**Task goal:** Repeat the data word for word, excluding every picture.

━━ Records shown ━━

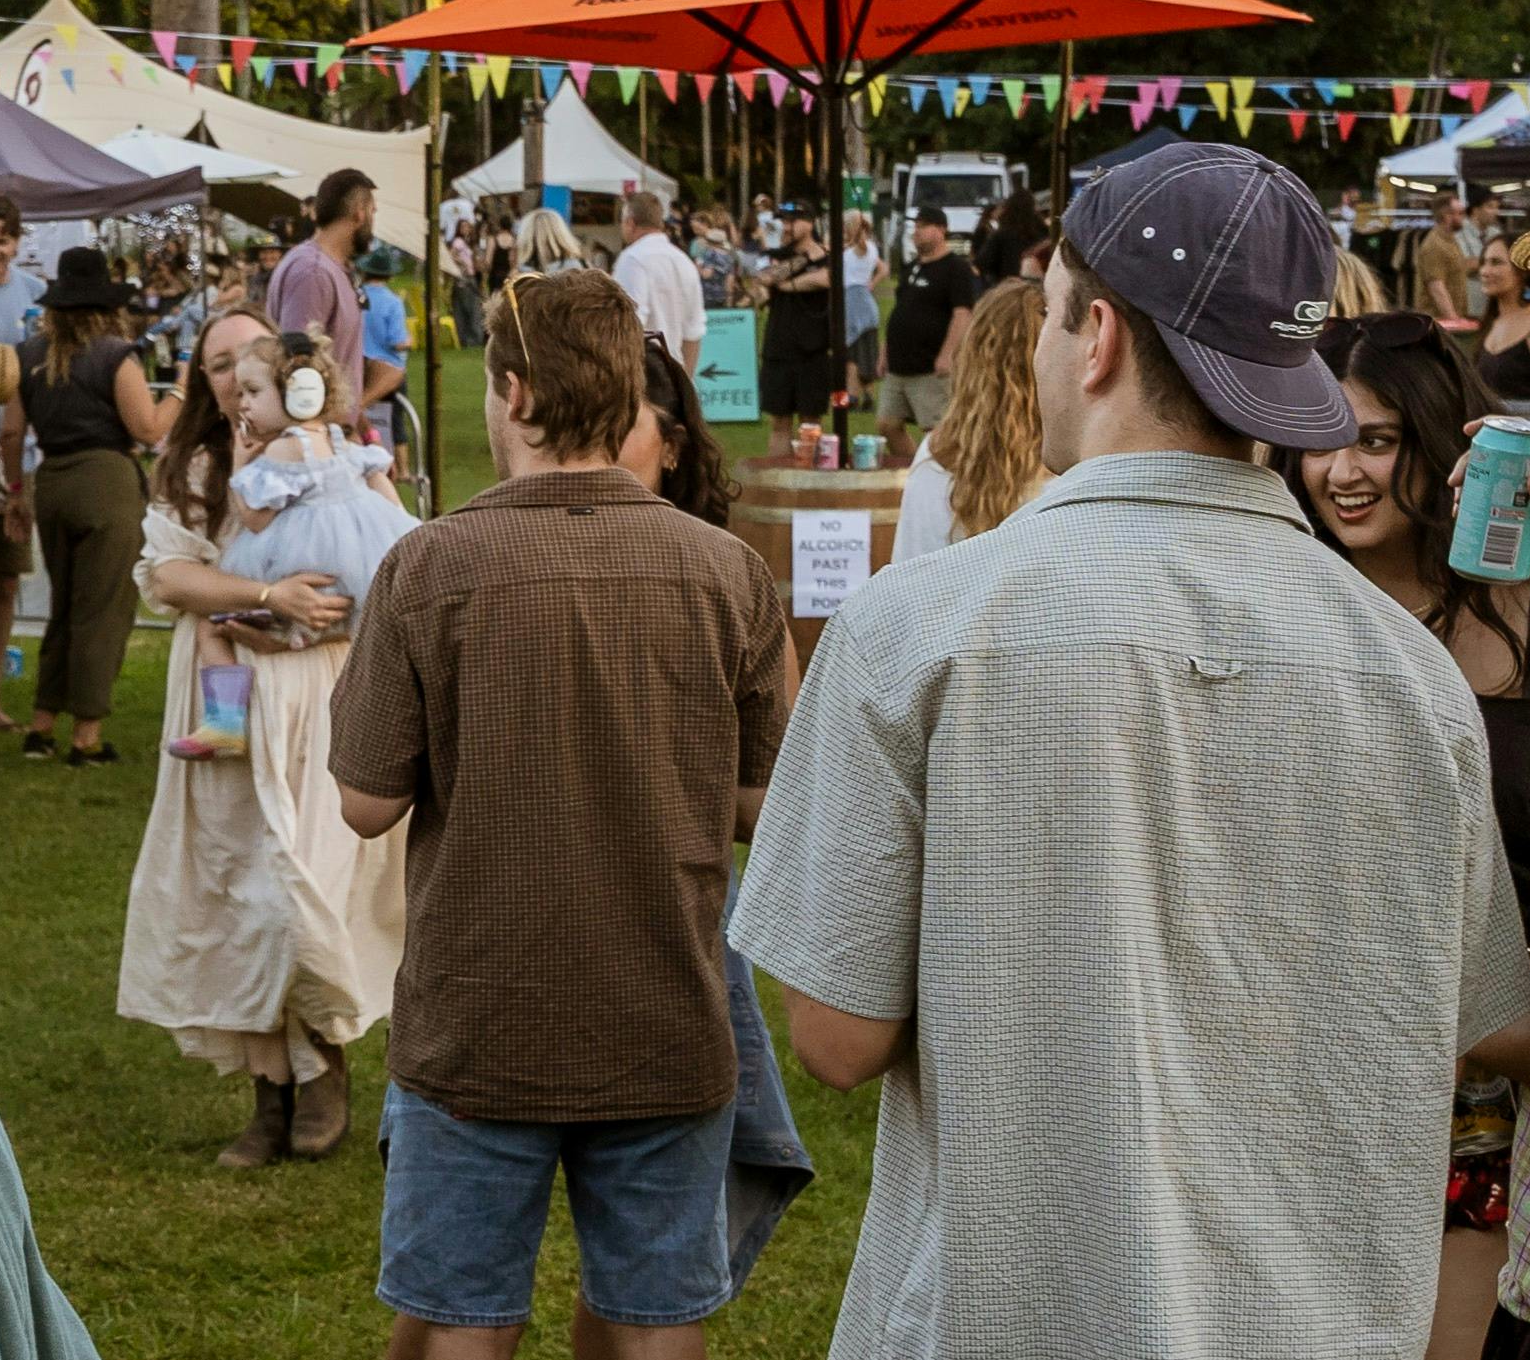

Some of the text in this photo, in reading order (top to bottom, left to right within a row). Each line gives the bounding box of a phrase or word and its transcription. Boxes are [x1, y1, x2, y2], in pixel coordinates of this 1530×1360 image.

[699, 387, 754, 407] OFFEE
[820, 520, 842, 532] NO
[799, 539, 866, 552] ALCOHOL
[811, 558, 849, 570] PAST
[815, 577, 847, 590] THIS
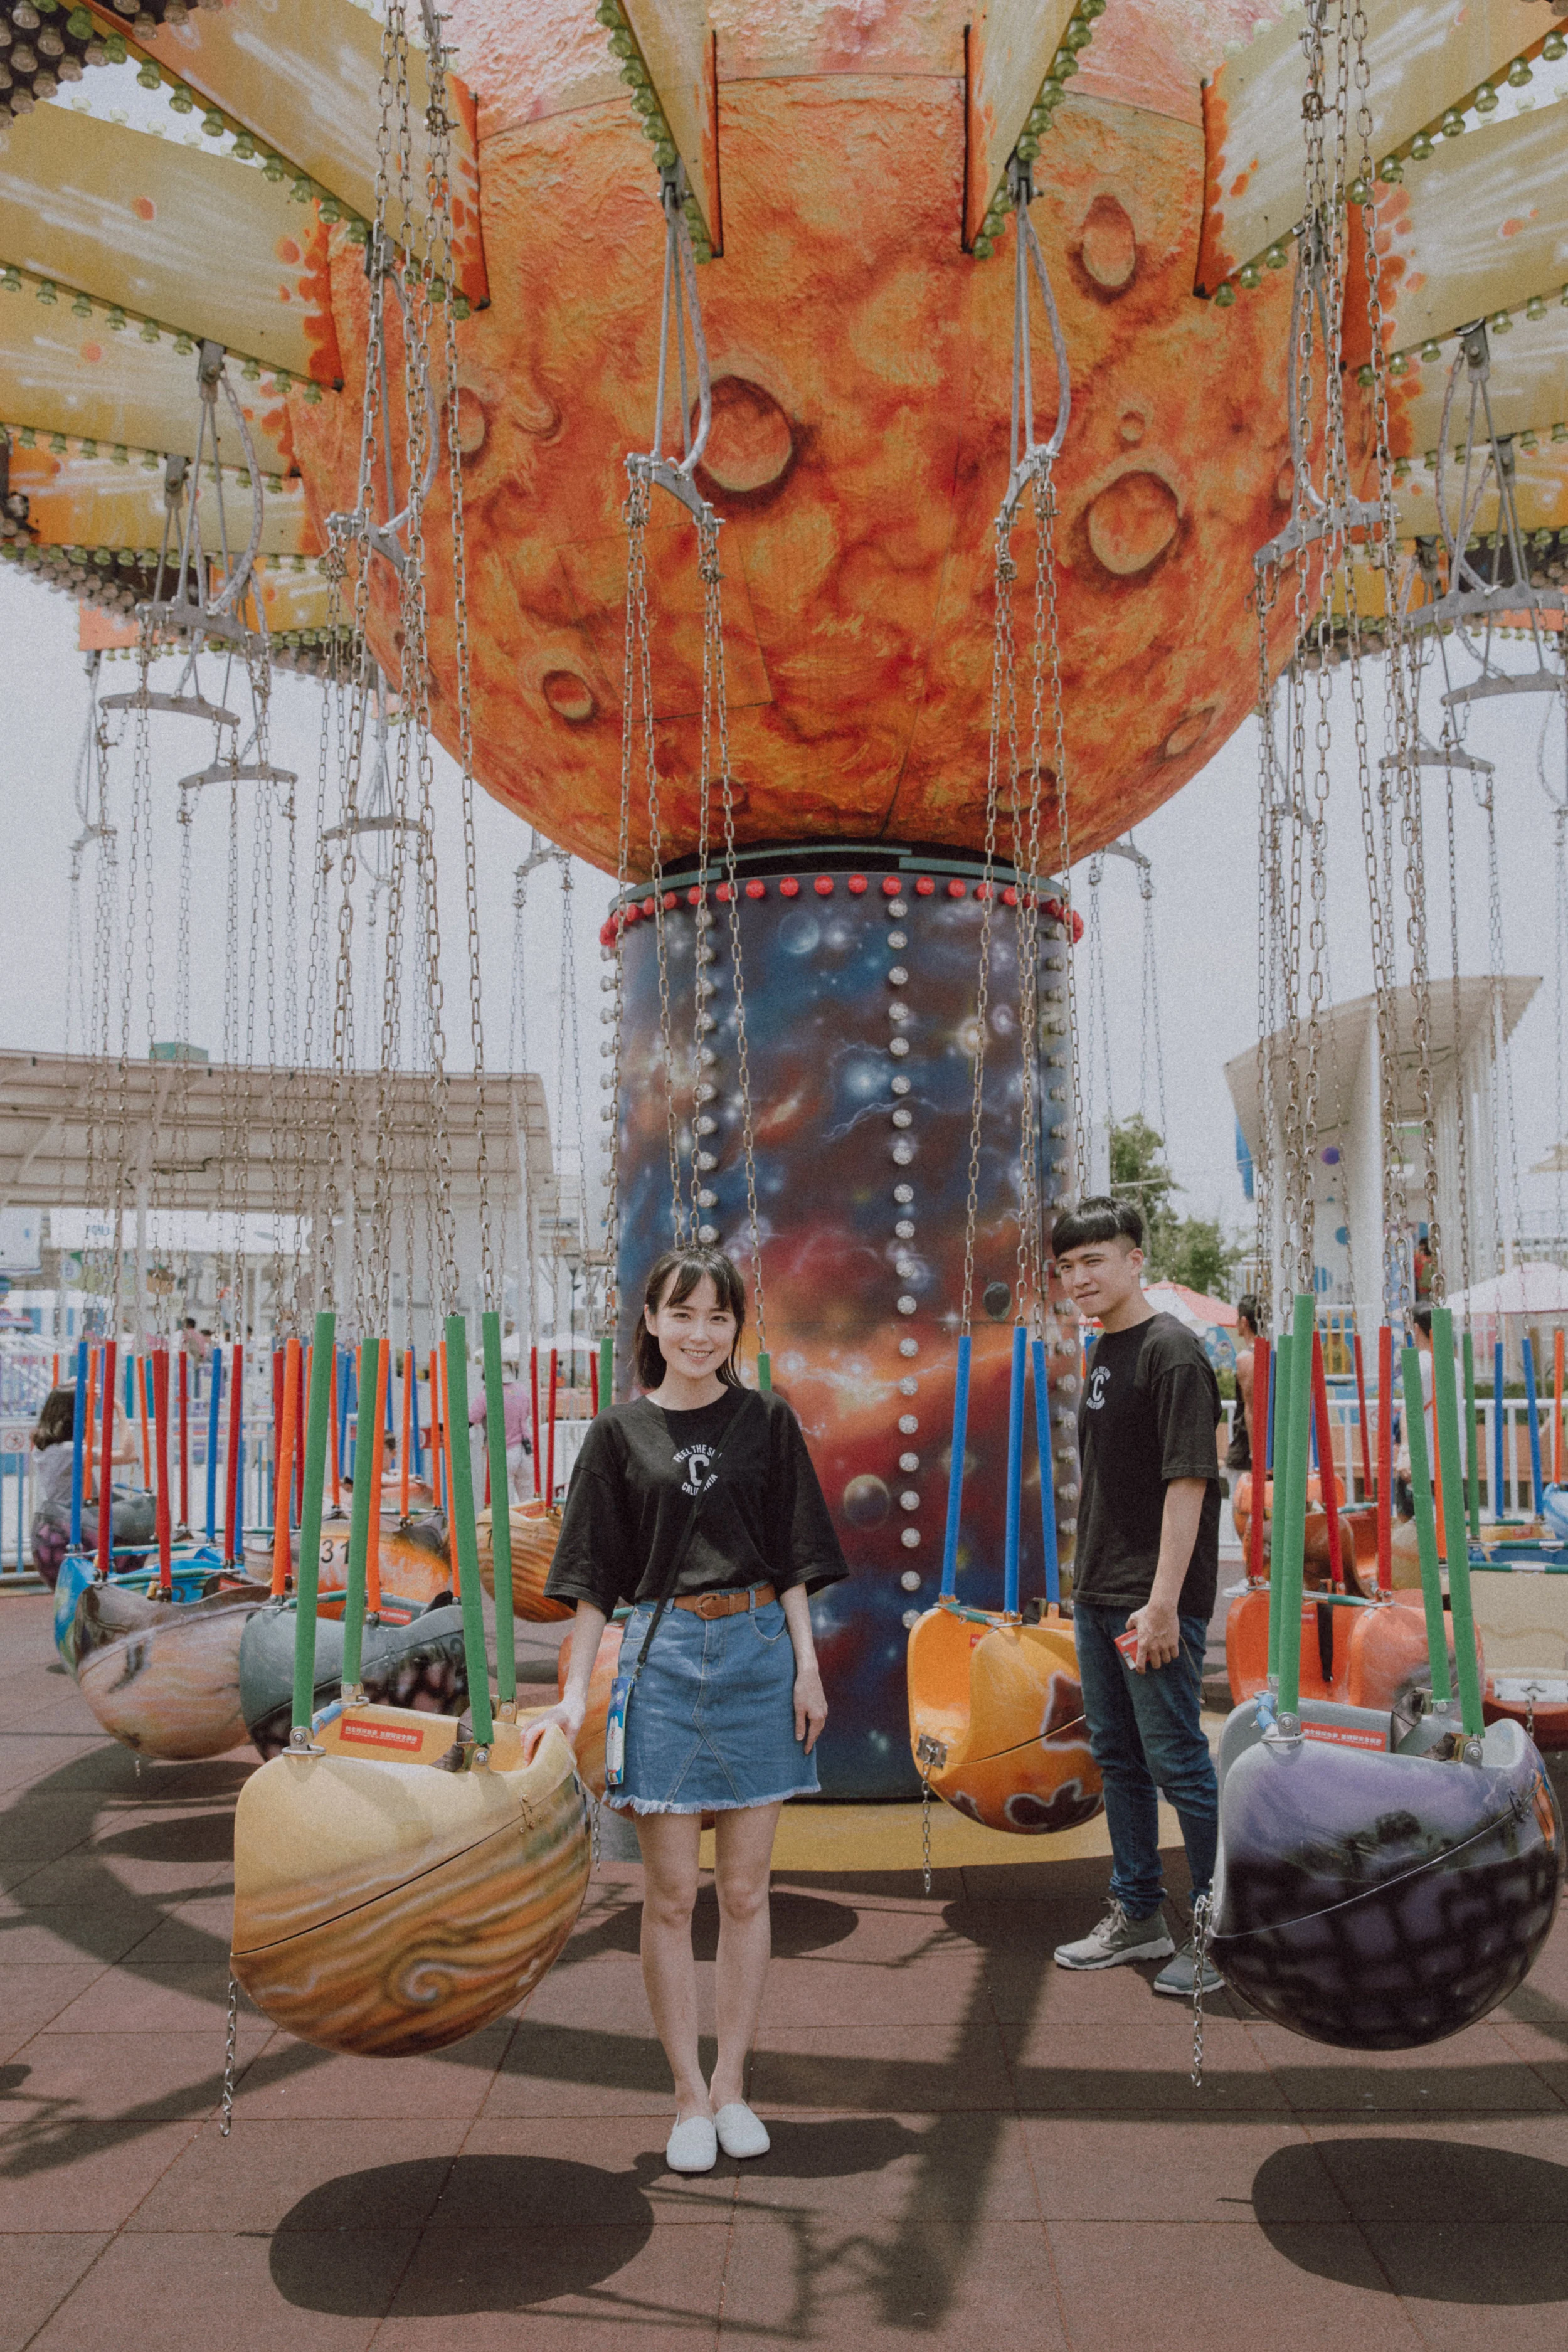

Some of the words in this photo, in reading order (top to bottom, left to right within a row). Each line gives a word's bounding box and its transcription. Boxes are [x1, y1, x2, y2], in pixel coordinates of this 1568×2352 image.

━━━

**Task result:**
Some of the text in this photo, in reading order (top to bottom, left to right within a row). Each line gives the bounding box of a phrase or word and its transcription. Boxes are [x1, y1, x2, y2], in pixel coordinates of this 1530×1360 image.

[699, 387, 754, 407] OFFEE
[820, 520, 842, 532] NO
[799, 539, 866, 552] ALCOHOL
[811, 558, 849, 570] PAST
[815, 577, 847, 590] THIS

Some of the words in this photo, in reading order (top to bottom, left to right within a row). Each line gives a word's bounding box and its transcription. Boxes are [x1, y1, x2, y2], in pixel coordinates of this 1568×2352 image.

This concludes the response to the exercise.